The curriculum of the English Department is designed to help students read literary texts (including film) very closely in order to discover, through class discussion and through writing, what the text says, what the text means, how the text affects us, and how the text achieves its effect. We study texts by a variety of authors from various countries (concentrating especially, though by no means exclusively, on literature originally written in English) and from various periods. Although we explore backgrounds to the texts we read, our courses do not survey literature chronologically. Through class discussions and activities, study guides, written homework grounded in the text, and analytical essays, we help our students to understand figurative language, imagery, and patterns of language and to draw progressively more sophisticated inferences. Through their work, students engage in a dialogue with the text at hand, letting it speak directly and personally to them, and, in their turn, speaks their insights to it and asks their questions of it.

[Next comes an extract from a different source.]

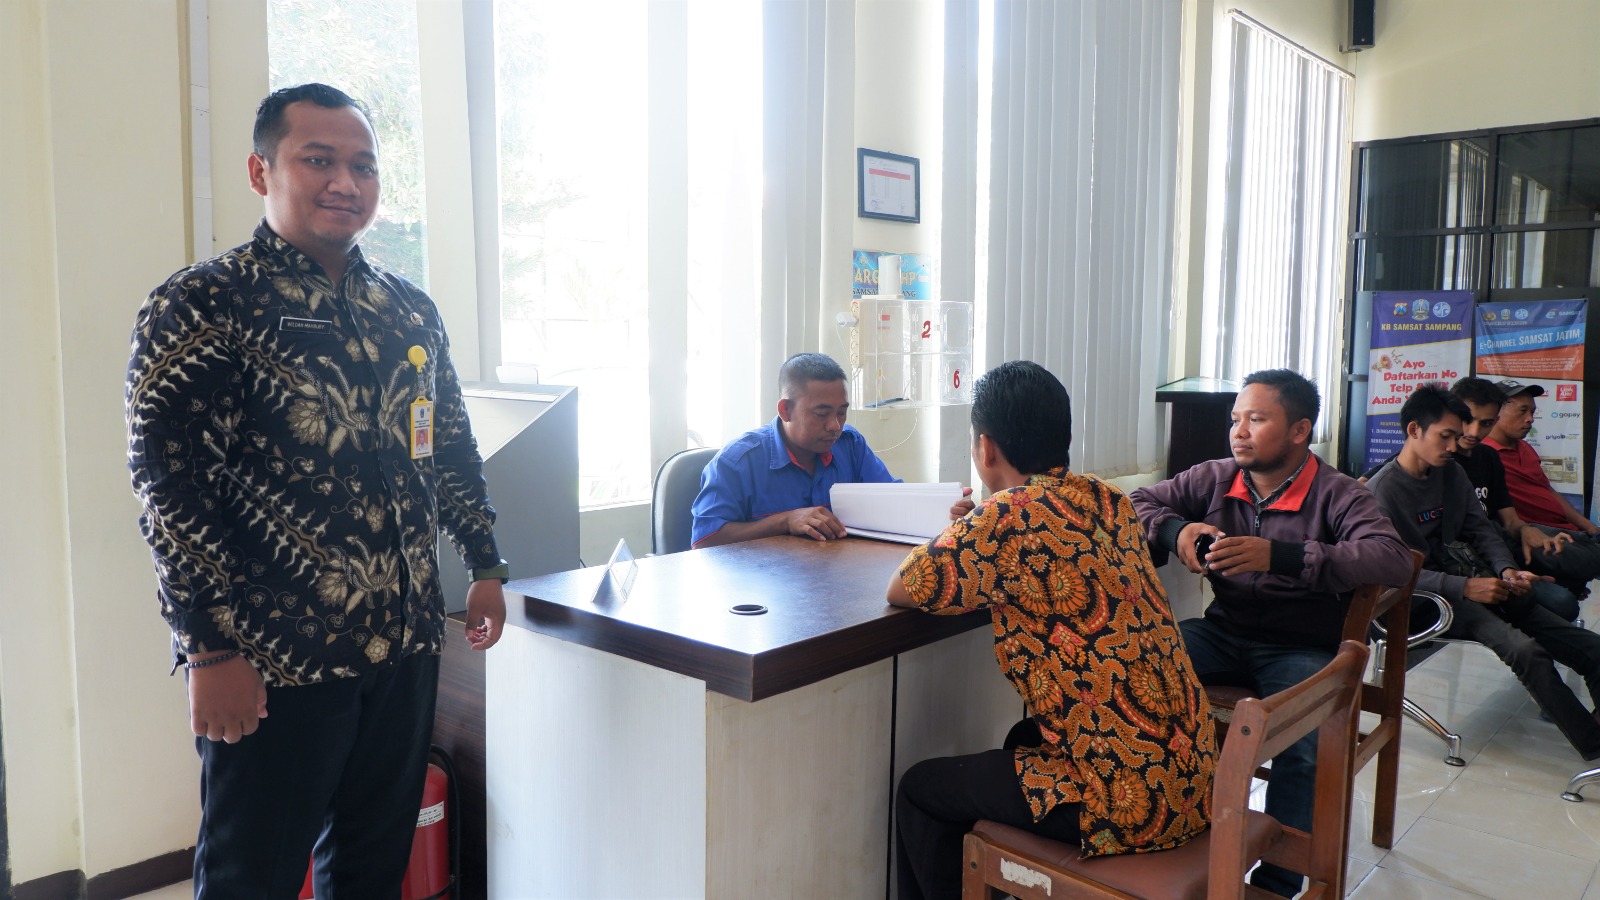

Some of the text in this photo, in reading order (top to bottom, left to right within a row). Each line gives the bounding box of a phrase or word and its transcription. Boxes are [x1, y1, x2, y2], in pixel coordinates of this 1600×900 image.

Our writing program focuses on the process of writing an analytical paper. We help our students learn how to find a suitable thesis; how to research a text to find support for the thesis; how to narrow or expand the thesis to fit the assignment; how to organize according to what the thesis says and to its logic; how to use rough drafts to develop the analytical position, to discover the information that must be in the introduction, to check for errors in grammar, usage, and mechanics, and to come to a conclusion that follows the positions and the logic of the paper. Just as in our class discussions, we insist that our students in their writing support all analytical ideas by quoting directly from the text or texts under consideration. Our students also explore literature by writing personal essays, short stories, and poems.
Students must be enrolled and earn credit in an English class during each quarter they are enrolled at University High School. Freshmen and sophomores take year-long courses. Juniors and seniors may elect to take Analysis and Composition, a year-long course, during either their third or fourth year at University High School. Juniors and seniors not taking Analysis and Composition elect one of at least three courses each quarter.